After a couple of weaker days, the Hong Kong stockmarket was back in good form yesterday with a 4% gain, which prompted an institutional shareholder in China Resources Enterprise to reap some profits through a block trade. The HK$840.3 million ($108 million) deal was launched and completed during the lunchtime break, which could suggest that the seller felt unsure whether this latest rally was going to last.
Like many other Hong Kong-listed stocks, China Resources has been on an upward trend since early March, but it has been volatile and, before yesterday's gains, the stock had actually fallen in four of the past 14 sessions. It is also currently trading above the consensus target price of HK$16.08, based on the views of 13 analysts tracking the company, according to Bloomberg.
The undisclosed seller offered 52 million shares at a price between HK$16.06 and HK$16.40, which represented a discount of 3% to 5% versus the last traded price during the morning session (HK$16.90). The stock was already up 3.3% in morning trading, however, which meant that the top end of the price range was actually at a 0.2% premium to the previous day's close. At the bottom end the discount was a pretty tight 1.8%.
Even so, the Credit Suisse-led deal did find enough buyers after being open for a bit more than one hour. Most of the shares were taken up by hedge funds, but there were also a few long-only funds among the buyers, according to a source. In total, the deal was bought by no more than 10 to 20 investors.
The final price was fixed in the lower half of the indicated range at HK$16.16 for a 4.4% discount to the midday close.
The offering accounted for 2.2% of the company and just over five days' worth of trading volume, which would have made it pretty easy for the market to digest. Indeed, the stock held up well after the transaction was completed, dipping briefly to a low of HK$16.34 as the market reopened before resuming the upward trend. It hit an intraday high of HK$17.14 half way through the afternoon session and closed at HK$16.80 -- a mere 10 HK cents below the pre-deal level, and 4% above the placement price. The positive sentiment in the overall market no doubt contributed, but the performance was still markedly better than for some other stocks that have been subject to quick placements during the lunchtime trading break in recent months.
When the controlling shareholder in athletic shoe maker Yue Yuen Industrial sold $48 million during the lunchtime break one Friday in April, the share price tumbled in the afternoon, finishing 13.3% down on the day and 3.8% below the placement price. Renhe Commercial Holdings suffered a similar fate a couple of weeks earlier when three existing shareholders cashed in a combined $87 million of their holdings during lunch, sending the share price 11% lower in afternoon trading to finish the day 2.9% below the placement price.
A red-chip conglomerate with businesses ranging from beer, food processing and supermarkets to textile manufacturing, ports and property investments, China Resources showed a mixed performance in the first quarter.
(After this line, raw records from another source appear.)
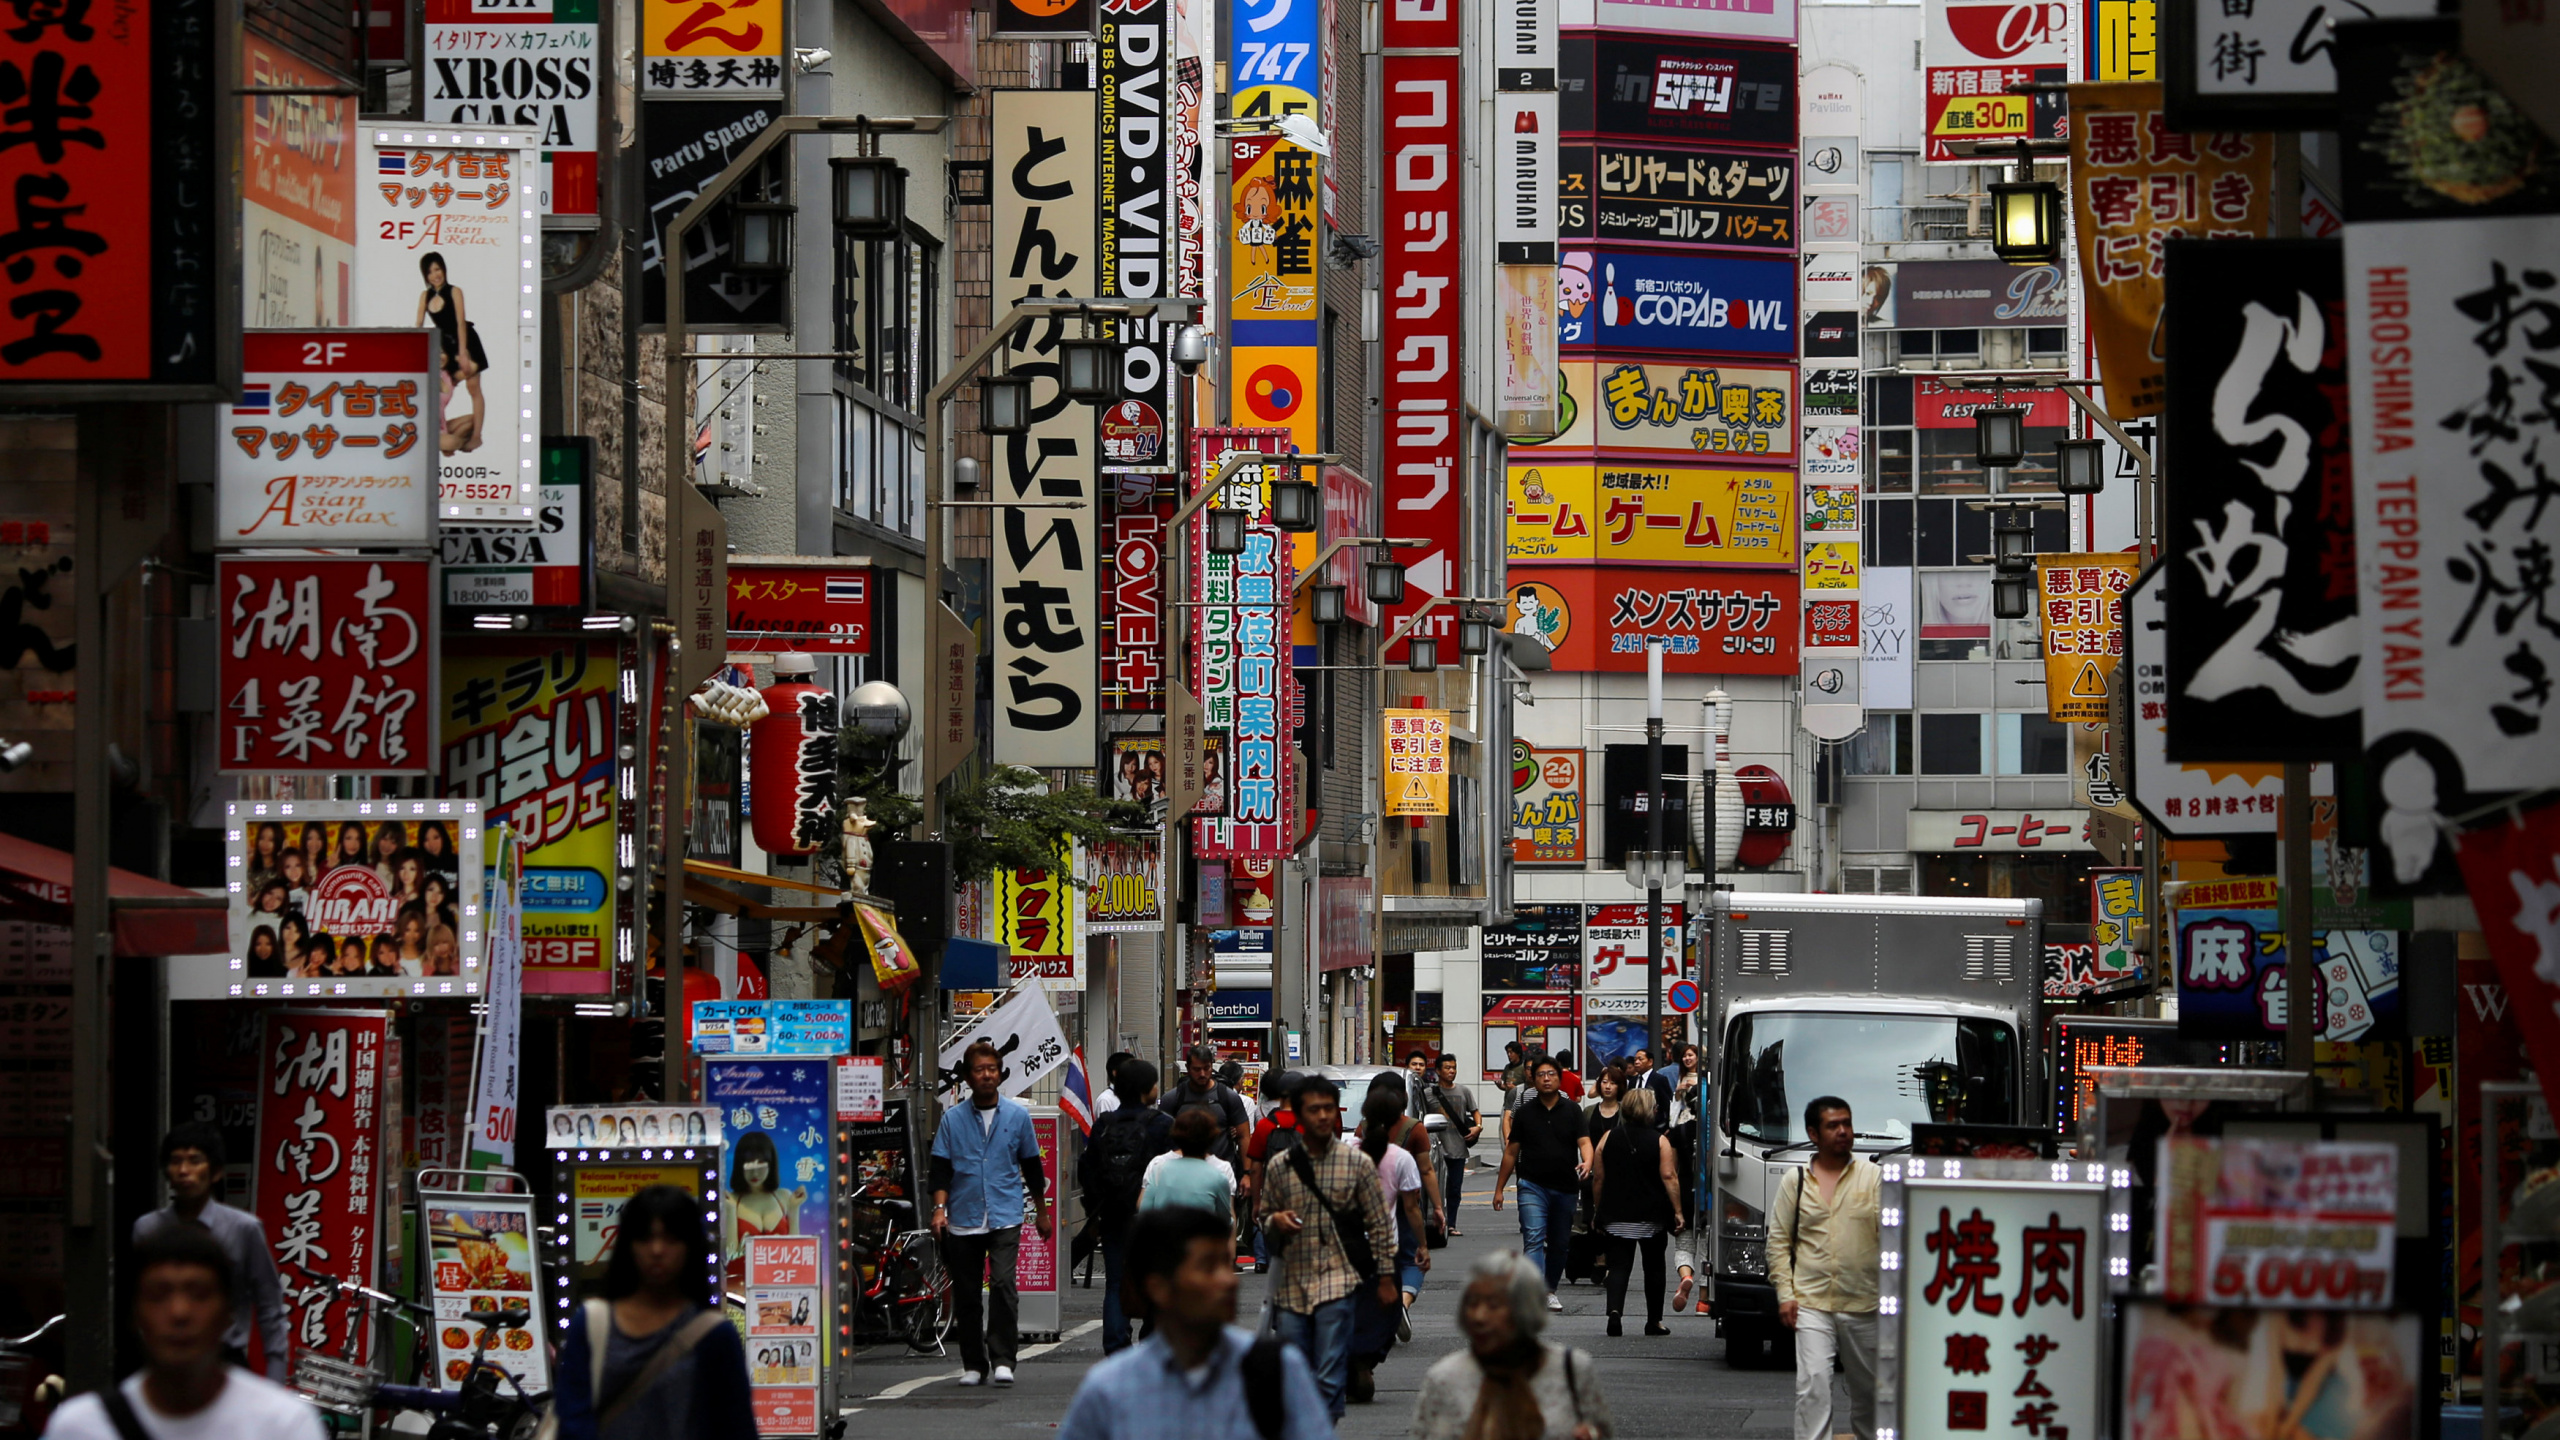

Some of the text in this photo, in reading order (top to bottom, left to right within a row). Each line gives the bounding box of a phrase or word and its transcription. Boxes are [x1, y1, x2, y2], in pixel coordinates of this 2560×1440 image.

[648, 58, 781, 88] 博多天神
[1239, 42, 1310, 81] 747
[433, 57, 592, 100] XROSS
[1520, 72, 1532, 86] 2
[1932, 68, 2028, 96] 新宿最大
[1809, 101, 1853, 114] Pavilion
[1947, 101, 2023, 128] 直進30m
[651, 108, 770, 179] Party Space
[1234, 142, 1261, 159] 3F
[2085, 112, 2256, 167] 悪質な
[409, 151, 510, 179] タイ古式
[1102, 23, 1115, 296] CS BS COMICS INTERNET MAGAZINE
[1516, 140, 1537, 229] MARUHAN
[1600, 152, 1790, 201] ビリヤード&ダーツ
[379, 183, 510, 208] マッサージ
[2087, 173, 2253, 227] 客引き
[1273, 147, 1314, 276] 麻雀
[380, 221, 415, 240] 2F
[408, 214, 482, 249] Asian
[1600, 211, 1658, 228] シミュレーション
[1658, 207, 1720, 239] ゴルフ
[1725, 215, 1790, 241] バグース
[1522, 247, 1529, 259] 1
[1635, 278, 1703, 294] 新宿コパボウル
[1520, 297, 1533, 357] 世界の料理
[302, 342, 347, 365] 2F
[1505, 316, 1515, 388] フードコート
[2368, 266, 2416, 455] HIROSHIMA
[1827, 369, 1857, 381] ダーツ
[275, 380, 418, 418] タイ古式
[1504, 394, 1545, 404] Universal City
[1602, 363, 1786, 430] まんが喫茶
[1809, 381, 1857, 394] ビリヤード
[1804, 406, 1842, 416] BAGUS
[1828, 395, 1857, 406] ゴルフ
[1002, 126, 1084, 732] とんかつにいむら
[1518, 413, 1532, 426] B1
[232, 424, 418, 460] マッサージ
[1692, 429, 1770, 455] ゲラゲラ
[1808, 464, 1855, 474] ボウリング
[302, 475, 412, 489] アジアンリラックス
[1602, 472, 1670, 490] 地域最大!!
[1743, 479, 1773, 489] メダル
[238, 475, 366, 535] Asian
[1740, 493, 1776, 504] クレーン
[1812, 488, 1856, 508] まんが
[302, 507, 398, 527] Relax
[1605, 494, 1723, 548] ゲーム
[1825, 508, 1856, 522] 喫茶
[1735, 521, 1781, 533] カードゲーム
[1733, 536, 1770, 548] プリクラ
[1807, 558, 1857, 576] ゲーム
[695, 528, 715, 651] 劇場通り一番街
[2046, 568, 2131, 595] 悪質な
[231, 563, 419, 671] 湖南
[1609, 587, 1781, 632] メンズサウナ
[1812, 604, 1851, 618] メンズ
[2047, 598, 2123, 626] 客引き
[829, 624, 864, 645] 2F
[1812, 618, 1851, 631] サウナ
[1611, 632, 1643, 654] 24H
[2048, 629, 2123, 657] に注意
[452, 640, 588, 726] キラリ
[1237, 534, 1275, 820] 歌舞伎町案内所
[948, 643, 965, 743] 劇場通り一番街
[271, 675, 416, 766] 菜館
[1390, 718, 1444, 735] 悪質な
[449, 697, 602, 812] 出会い
[1183, 713, 1196, 792] 劇場通り一番街
[1390, 737, 1444, 754] 客引き
[1390, 757, 1444, 773] に注意
[1545, 762, 1572, 777] 24
[513, 779, 611, 851] カフェ
[1533, 828, 1576, 847] 喫茶
[1954, 812, 2072, 848] コーヒー
[323, 873, 367, 899] community
[1098, 872, 1157, 919] 2,000円
[2177, 880, 2269, 906] 店舗掲載数
[329, 922, 395, 935] 出会いカフェ
[1239, 929, 1264, 940] Marlboro
[1484, 933, 1580, 946] ビリヤード&ダーツ
[1588, 928, 1641, 940] 地域最大!!
[1515, 949, 1550, 961] ゴルフ
[704, 1005, 762, 1017] カードOK!
[1206, 1003, 1260, 1016] menthol
[1486, 996, 1496, 1005] 7F
[1502, 999, 1572, 1009] FACE
[1599, 1000, 1648, 1009] メンズサウナ
[347, 1029, 377, 1215] 中国湖南省 本場料理
[851, 1126, 902, 1137] Kitchen Diner
[580, 1171, 660, 1182] Welcome Foreigner
[580, 1183, 633, 1194] Traditional
[755, 1245, 815, 1266] 当ビル2階
[1924, 1206, 2086, 1321] 焼肉
[440, 1265, 462, 1289] 昼
[773, 1270, 797, 1283] 2F
[1944, 1332, 1990, 1430] 韓国
The brewery business posted 21% volume growth and the supermarket division reported a 17% increase in earnings year-on-year. At the same time though, weak export demand acted as a drag on the non-core businesses -- the textile segment reported a loss and the ports segment saw a decline in profits, while a weak logistics business led to a sharp fall in earnings for the Hong Kong retail segment. This resulted in a 29% decline in recurring earnings overall and a 35% drop in net profit from a year earlier.
In a research note issued on May 25, Macquarie analyst Leah Jiang said the bank expects China Resources' core business to improve during the rest of this year due to a low comparative base in 2008, but the non-core business may still take time to recover.
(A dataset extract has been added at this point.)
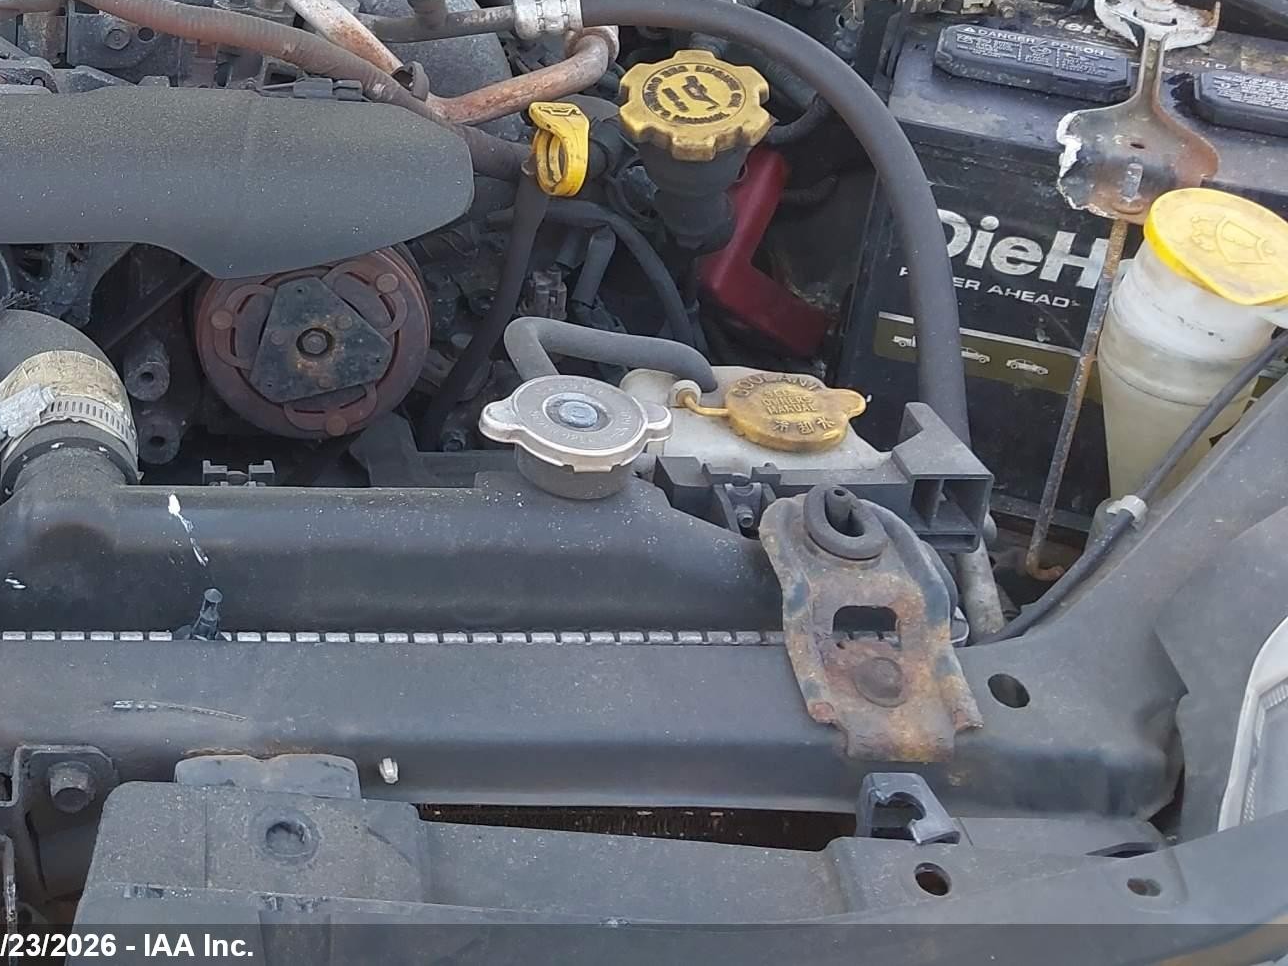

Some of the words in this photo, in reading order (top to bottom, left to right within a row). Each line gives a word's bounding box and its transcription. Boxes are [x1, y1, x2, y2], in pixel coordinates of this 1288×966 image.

"We like CRE's long-term strategy and its consistent investments in its core business are gradually improving its earnings mix. However, in our view the recent rally has largely factored in the near-term positives," Jiang wrote. Even so, Macquarie upgraded its recommendation on the stock to neutral from underperform.
However, a few days later, Hong Kong media quoted China Resources' managing director Long Chen as saying that the company will reduce the number of supermarkets it plans to open in Hong Kong and China this year to 200 from 300 previously, because some property developers have had difficulties in obtaining financing. The company will also be cautious about acquisitions because of the "unclear" outlook for the global economy, Chen said at China Resources' annual general meeting, suggesting that the supermarket division may also be in for a lower growth period.
Aside from improving margins, the earnings growth in the supermarket segment in the first quarter was largely driven by an expansion of the store network.
China Resources, which is part of Hong Kong's benchmark Hang Seng Index, is up 26% year-to-date compared with a 30% gain in the HSI. The stock has risen 60% from its 2009 low in early March.